Il governo cinese ha fondato la sua strategia di propaganda sul Tibet sull’assunto di avere portato lavoro e ricchezza nella regione e di favorirne l’integrazione con il resto del Paese. Di contro gli attivisti per i diritti umani e gli esuli denunciano la continua sopraffazione della cultura e il pugno di ferro contro gli oppositori.
Ma tra auto immolazioni e disordini, il Tibet è tornato di prepotenza a disturbare “l’armonia” sociale cinese. L’ultimo caso – una monaca tibetana che si è auto immolata nei giorni scorsi – ha riportato le istanze tibetani sui media di tutto il mondo. In Cina i media locali sono impegnati a maneggiare la questione con estrema cautela, riportando spesso le parole di Pechino sulla “cricca del Dalai Lama”.
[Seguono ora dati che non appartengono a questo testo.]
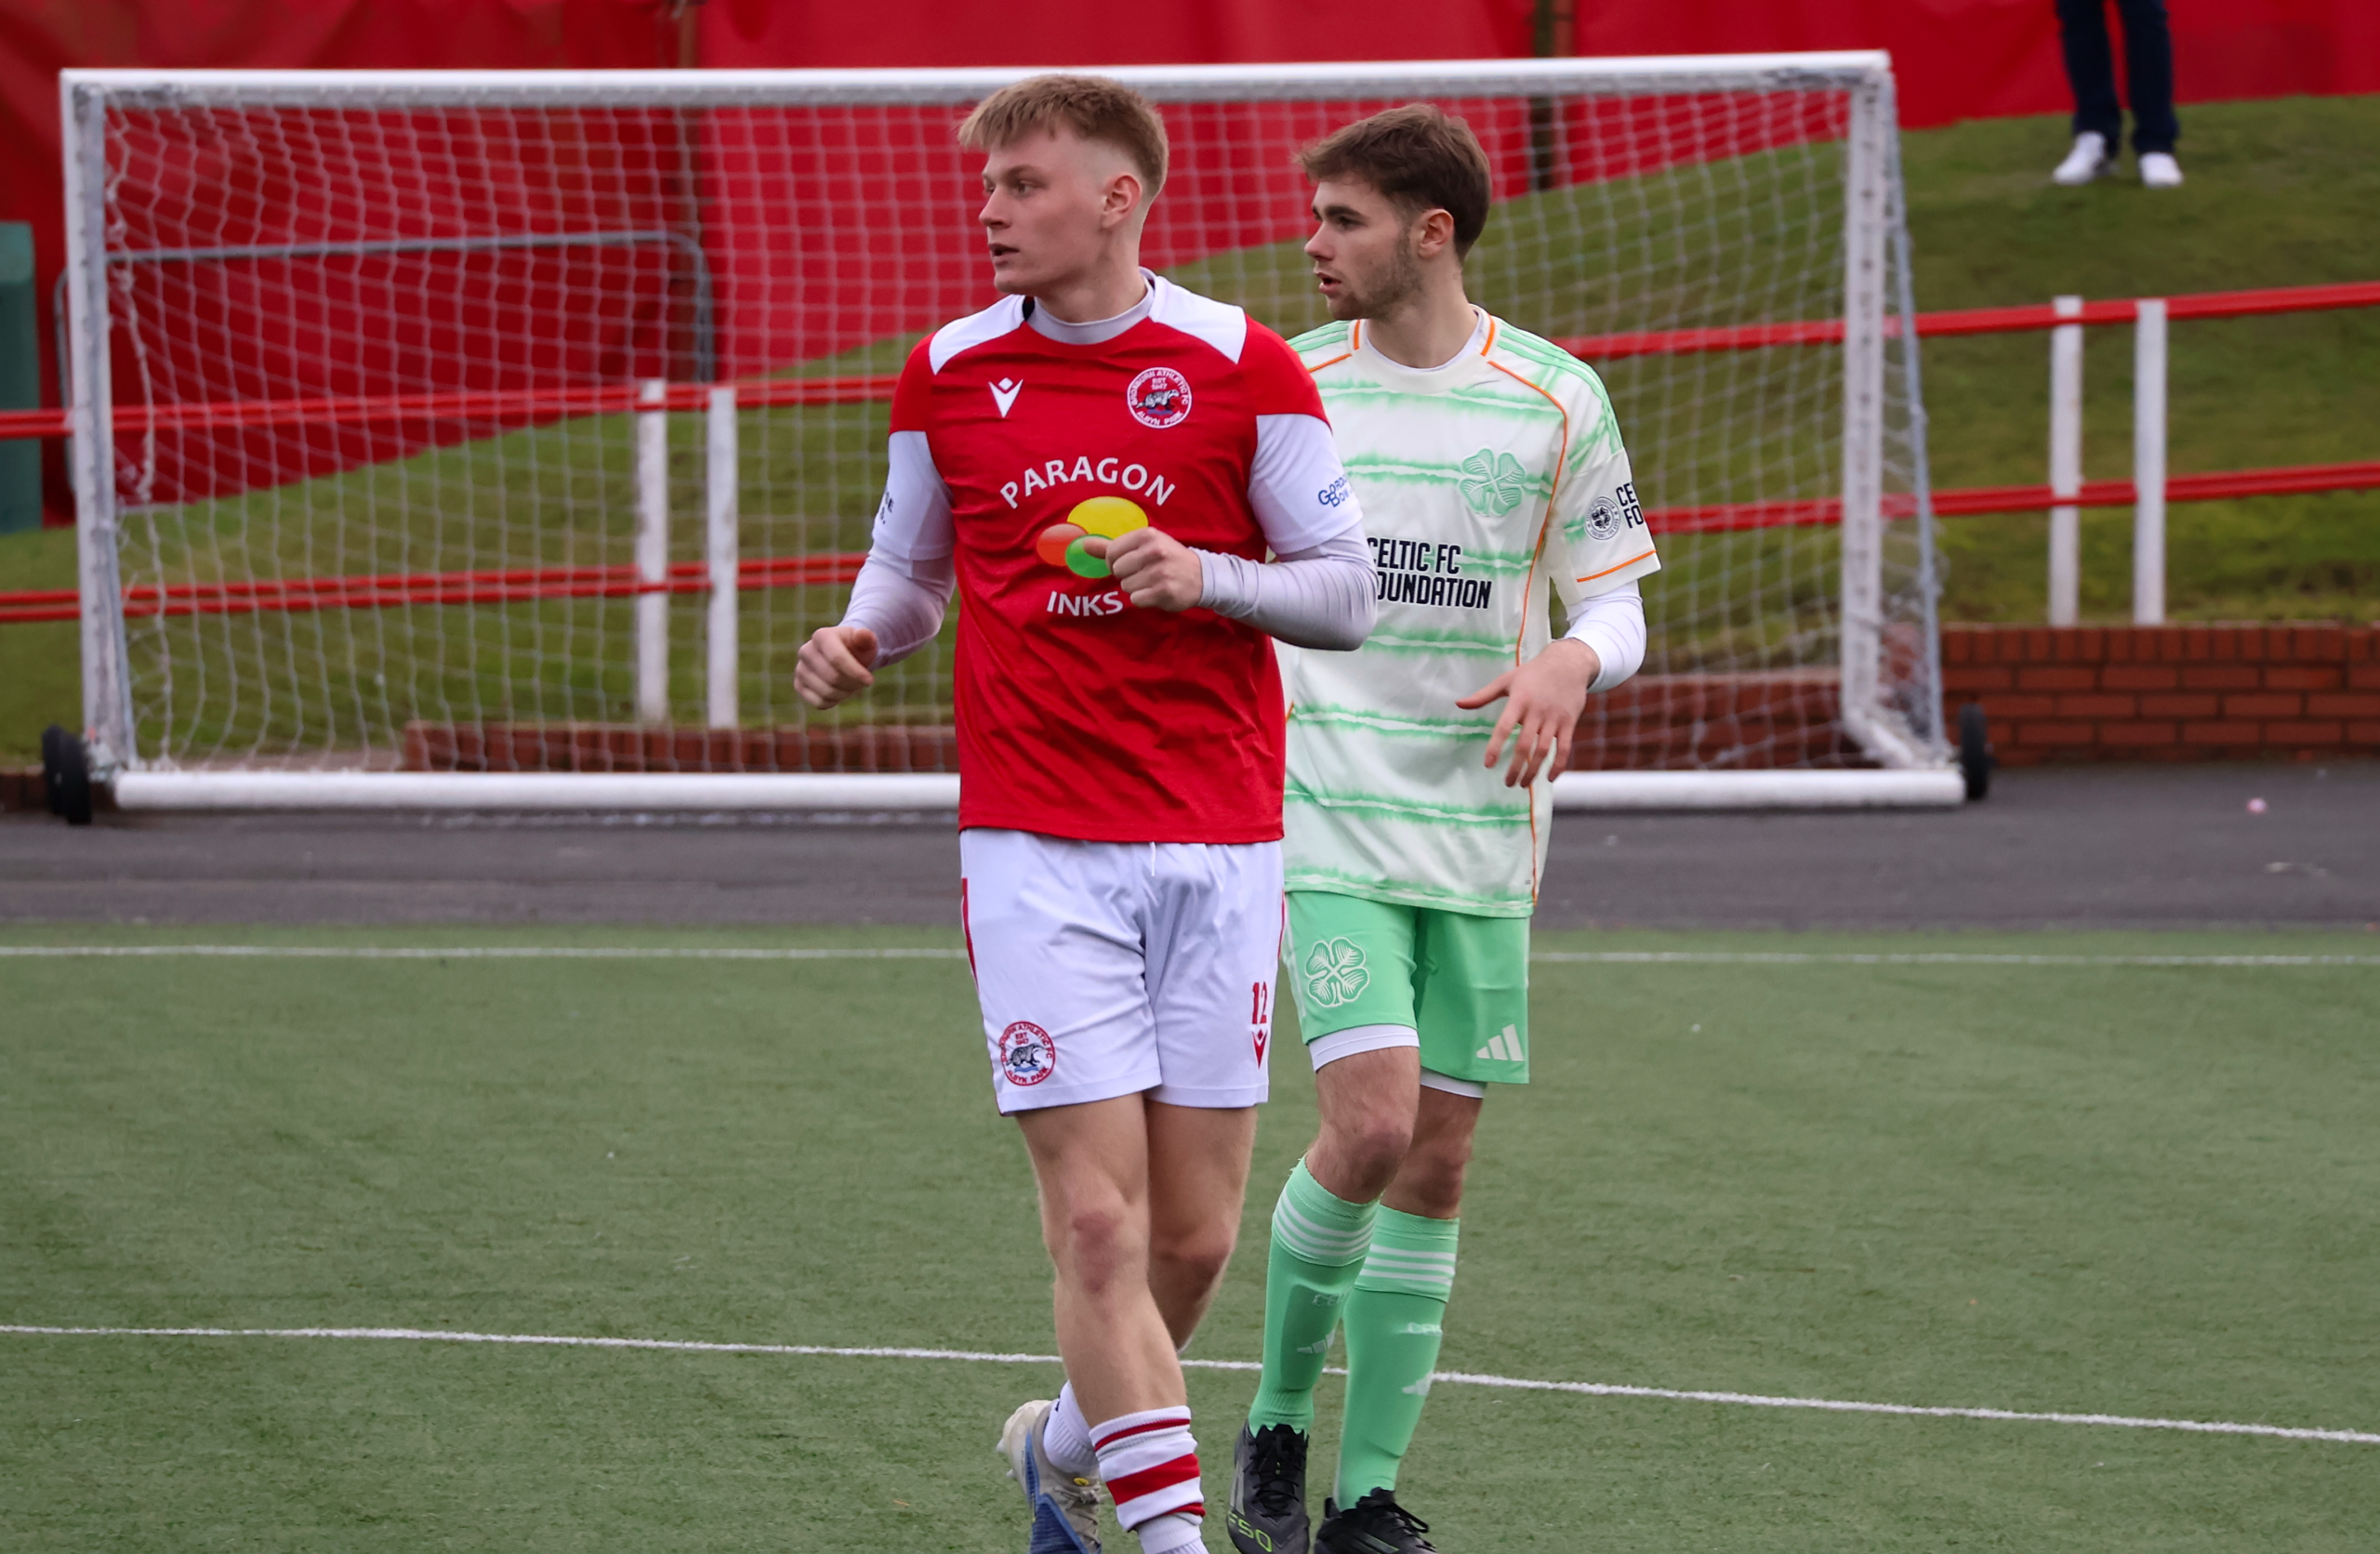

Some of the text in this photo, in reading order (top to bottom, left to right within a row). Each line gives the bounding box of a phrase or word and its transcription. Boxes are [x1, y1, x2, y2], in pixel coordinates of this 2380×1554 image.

[1157, 370, 1187, 393] ATHLETIC
[1181, 394, 1189, 405] FC
[999, 455, 1176, 509] PARAGON
[1367, 537, 1461, 574] CELTIC FC
[1046, 590, 1124, 616] INKS
[1377, 571, 1492, 609] OUNDATION
[1251, 981, 1268, 1025] 12
[1045, 1047, 1053, 1059] FC
[1227, 1510, 1273, 1552] F50
La religiosa si è data fuoco nei pressi del suo monastero, il Mamae Dechen Choekhorling Nunnery, a circa tre chilometri dalla città di Ngaba un enclave nella provincia sud occidentale del Sichuan, parte assieme al Qinghai e al Tibet propriamente detto di quello che è considerata la culla della cultura tibetana. Avvolta dalle fiamme la ragazza ha camminato per strada una decina di minuti cantando e urlando slogan anticinesi. Il suo corpo, nonostante il divieto degli agenti, è stato portato nel monastero, dove è stato vegliato dalle oltre 350 consorelle.

Il giorno prima a immolarsi era stato un monaco diciannovenne, Norbu Dramdul, proveniente dal monastero di Kirti, teatro a marzo di una serie di proteste sull’onda della sollevazione pre-olimpica del 2008 contro l’autorità di Pechino, e da allora sotto stretto controllo delle forze di sicurezza. Sempre nel Sichuan, davanti a un commissariato di polizia, gli agenti hanno aperto il fuoco su una manifestazioni per chiedere maggiore libertà. Negli scontri sono rimasti feriti due giovani.
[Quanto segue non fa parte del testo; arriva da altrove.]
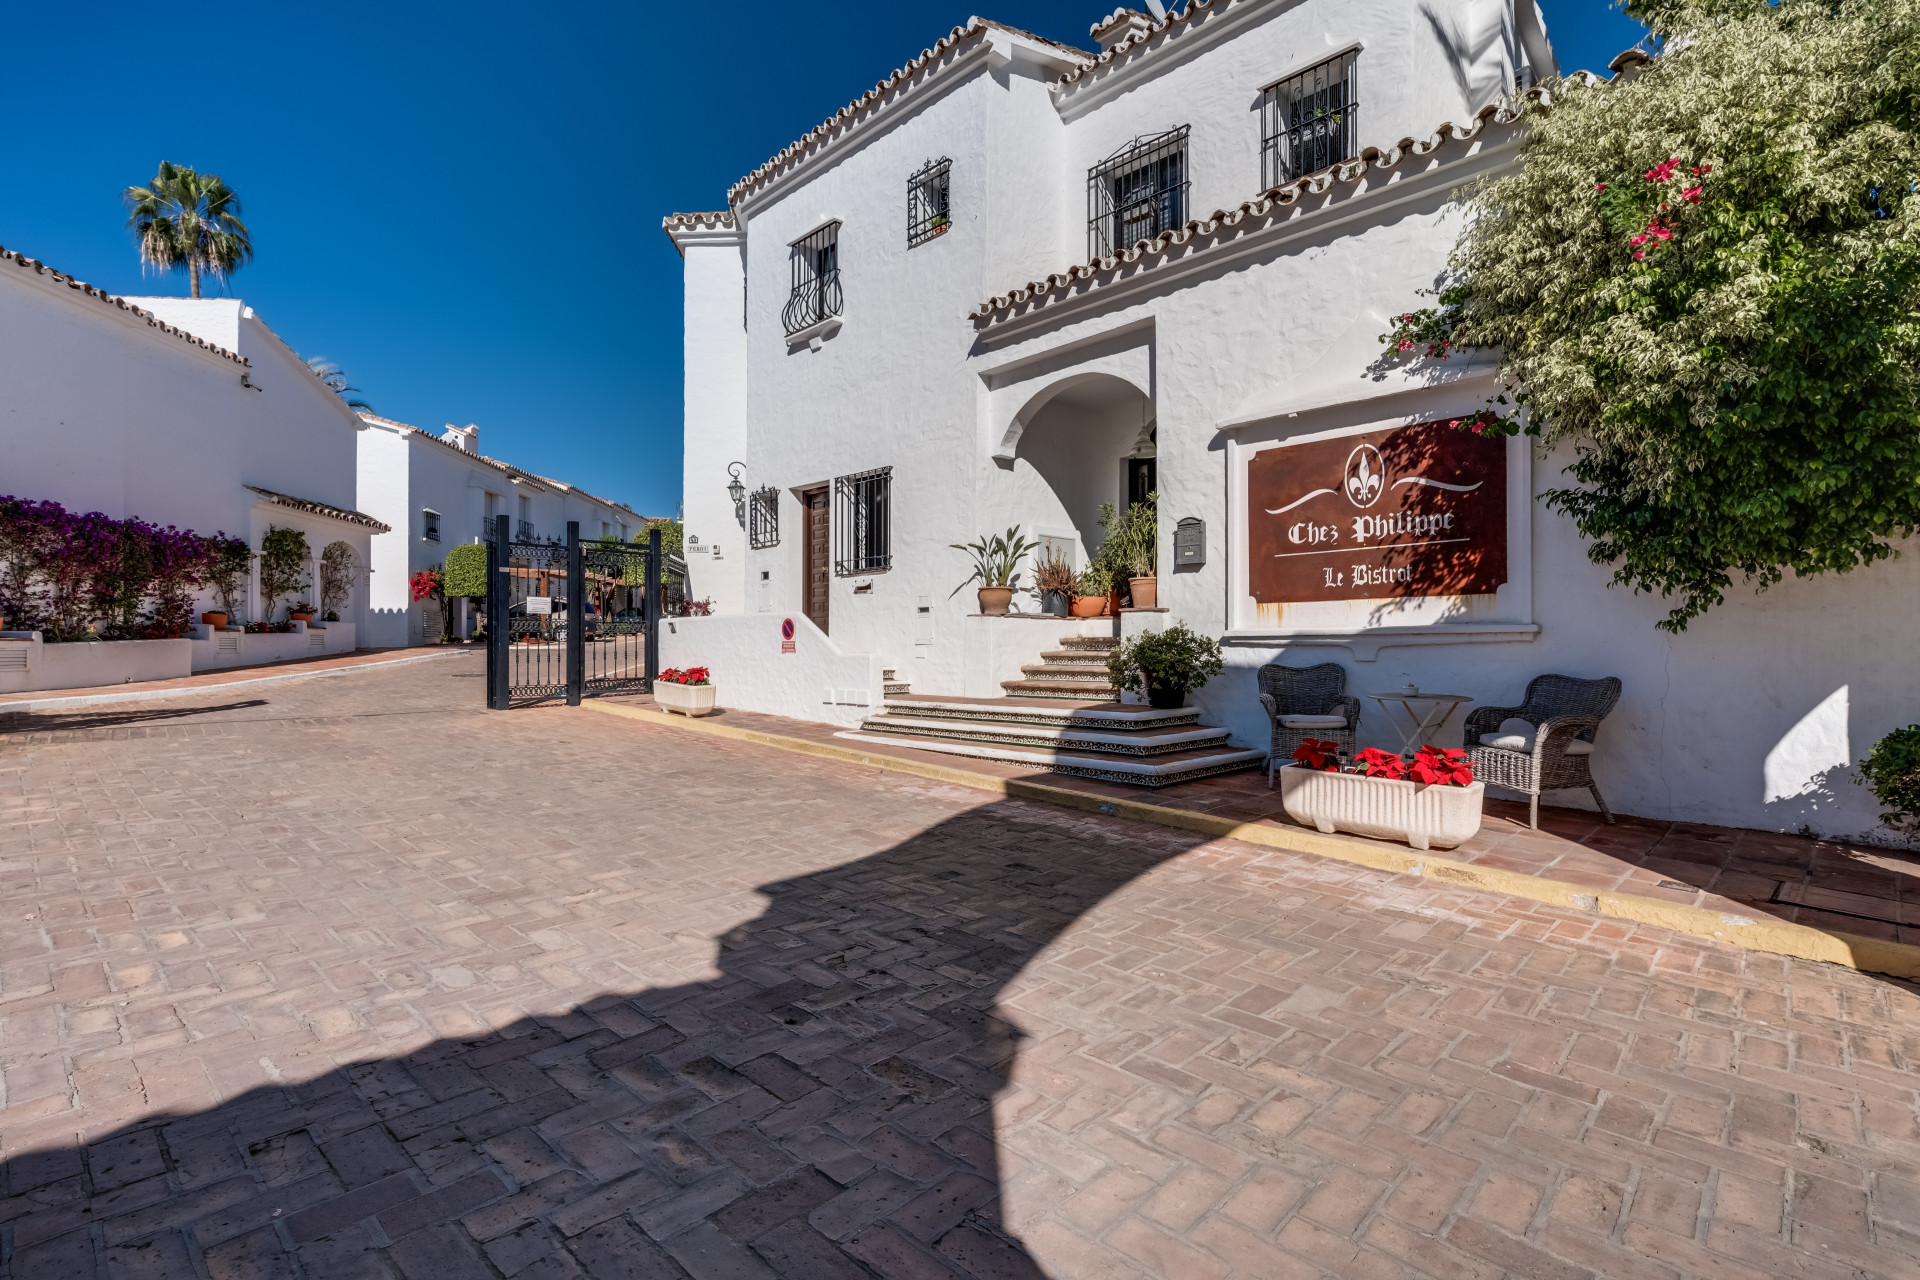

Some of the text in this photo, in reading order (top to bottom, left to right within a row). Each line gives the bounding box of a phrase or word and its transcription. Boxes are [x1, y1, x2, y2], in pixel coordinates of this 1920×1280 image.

[1288, 510, 1455, 546] Chez Philippe
[1323, 563, 1413, 589] Le Bistrot
Per Pechino tali gesti di disperazione sono stati occasione per attaccare il Dalai Lama e quella che considera “la sua cricca”, ossia il governo tibetano in esilio a Dharamsala, accusati di non fare niente per impedire una pratica in contraddizione con gli insegnamenti buddisti.
Un’operazione di polizia  avrebbe rinvenuto vari depositi di armi. Tutto quetsto a conferma delle intenzioni bellicose dei tibetani. La macchina propagandistica cinese si stia muovendo per ovviare al rischio di nuove rivolte in Tibet: da una parte i monaci e le popolazioni tibetane di regioni cinesi come il Sichuan, dall’altra Pechino tesa a denunciare la cricca del Dalai Lama e la “violenza” dei tibetani contro il potere centrale cinese.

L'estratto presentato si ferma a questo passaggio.